▶ **The problem**
The full data must be written out exactly, with every line included.

▶ **Task material**

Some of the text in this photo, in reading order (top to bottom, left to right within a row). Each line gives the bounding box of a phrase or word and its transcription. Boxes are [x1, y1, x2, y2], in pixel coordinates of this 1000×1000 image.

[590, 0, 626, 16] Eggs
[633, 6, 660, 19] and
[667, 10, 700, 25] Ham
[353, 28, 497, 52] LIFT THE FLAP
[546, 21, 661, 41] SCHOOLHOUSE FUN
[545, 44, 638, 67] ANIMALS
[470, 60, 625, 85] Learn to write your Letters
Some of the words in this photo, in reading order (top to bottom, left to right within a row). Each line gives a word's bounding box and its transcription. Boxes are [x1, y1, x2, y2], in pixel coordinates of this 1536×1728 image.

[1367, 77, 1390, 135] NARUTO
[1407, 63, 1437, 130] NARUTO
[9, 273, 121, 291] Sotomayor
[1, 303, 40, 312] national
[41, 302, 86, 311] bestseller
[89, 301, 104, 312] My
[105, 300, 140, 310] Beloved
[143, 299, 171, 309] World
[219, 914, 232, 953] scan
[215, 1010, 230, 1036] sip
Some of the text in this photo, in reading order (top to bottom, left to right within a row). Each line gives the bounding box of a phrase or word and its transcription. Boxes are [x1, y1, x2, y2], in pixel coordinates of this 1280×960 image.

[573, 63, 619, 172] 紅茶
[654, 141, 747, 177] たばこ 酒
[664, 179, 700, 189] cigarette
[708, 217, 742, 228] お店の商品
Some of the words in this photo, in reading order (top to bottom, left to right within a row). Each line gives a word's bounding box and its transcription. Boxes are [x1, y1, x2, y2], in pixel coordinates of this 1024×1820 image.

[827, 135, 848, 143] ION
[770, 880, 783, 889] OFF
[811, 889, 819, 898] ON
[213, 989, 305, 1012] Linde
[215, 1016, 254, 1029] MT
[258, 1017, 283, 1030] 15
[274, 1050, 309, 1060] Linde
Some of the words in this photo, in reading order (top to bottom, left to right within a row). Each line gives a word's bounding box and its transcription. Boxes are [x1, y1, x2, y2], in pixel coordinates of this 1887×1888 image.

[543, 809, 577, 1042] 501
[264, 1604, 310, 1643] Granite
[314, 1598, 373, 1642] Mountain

▶ **Result for this task**
Some of the text in this photo, in reading order (top to bottom, left to right within a row). Each line gives the bounding box of a phrase or word and its transcription. Boxes are [x1, y1, x2, y2], in pixel coordinates of this 1000×1000 image.

[590, 0, 626, 16] Eggs
[633, 6, 660, 19] and
[667, 10, 700, 25] Ham
[353, 28, 497, 52] LIFT THE FLAP
[546, 21, 661, 41] SCHOOLHOUSE FUN
[545, 44, 638, 67] ANIMALS
[470, 60, 625, 85] Learn to write your Letters
Some of the words in this photo, in reading order (top to bottom, left to right within a row). Each line gives a word's bounding box and its transcription. Boxes are [x1, y1, x2, y2], in pixel coordinates of this 1536×1728 image.

[1367, 77, 1390, 135] NARUTO
[1407, 63, 1437, 130] NARUTO
[9, 273, 121, 291] Sotomayor
[1, 303, 40, 312] national
[41, 302, 86, 311] bestseller
[89, 301, 104, 312] My
[105, 300, 140, 310] Beloved
[143, 299, 171, 309] World
[219, 914, 232, 953] scan
[215, 1010, 230, 1036] sip
Some of the text in this photo, in reading order (top to bottom, left to right within a row). Each line gives the bounding box of a phrase or word and its transcription. Boxes are [x1, y1, x2, y2], in pixel coordinates of this 1280×960 image.

[573, 63, 619, 172] 紅茶
[654, 141, 747, 177] たばこ 酒
[664, 179, 700, 189] cigarette
[708, 217, 742, 228] お店の商品
Some of the words in this photo, in reading order (top to bottom, left to right within a row). Each line gives a word's bounding box and its transcription. Boxes are [x1, y1, x2, y2], in pixel coordinates of this 1024×1820 image.

[827, 135, 848, 143] ION
[770, 880, 783, 889] OFF
[811, 889, 819, 898] ON
[213, 989, 305, 1012] Linde
[215, 1016, 254, 1029] MT
[258, 1017, 283, 1030] 15
[274, 1050, 309, 1060] Linde
Some of the words in this photo, in reading order (top to bottom, left to right within a row). Each line gives a word's bounding box and its transcription. Boxes are [x1, y1, x2, y2], in pixel coordinates of this 1887×1888 image.

[543, 809, 577, 1042] 501
[264, 1604, 310, 1643] Granite
[314, 1598, 373, 1642] Mountain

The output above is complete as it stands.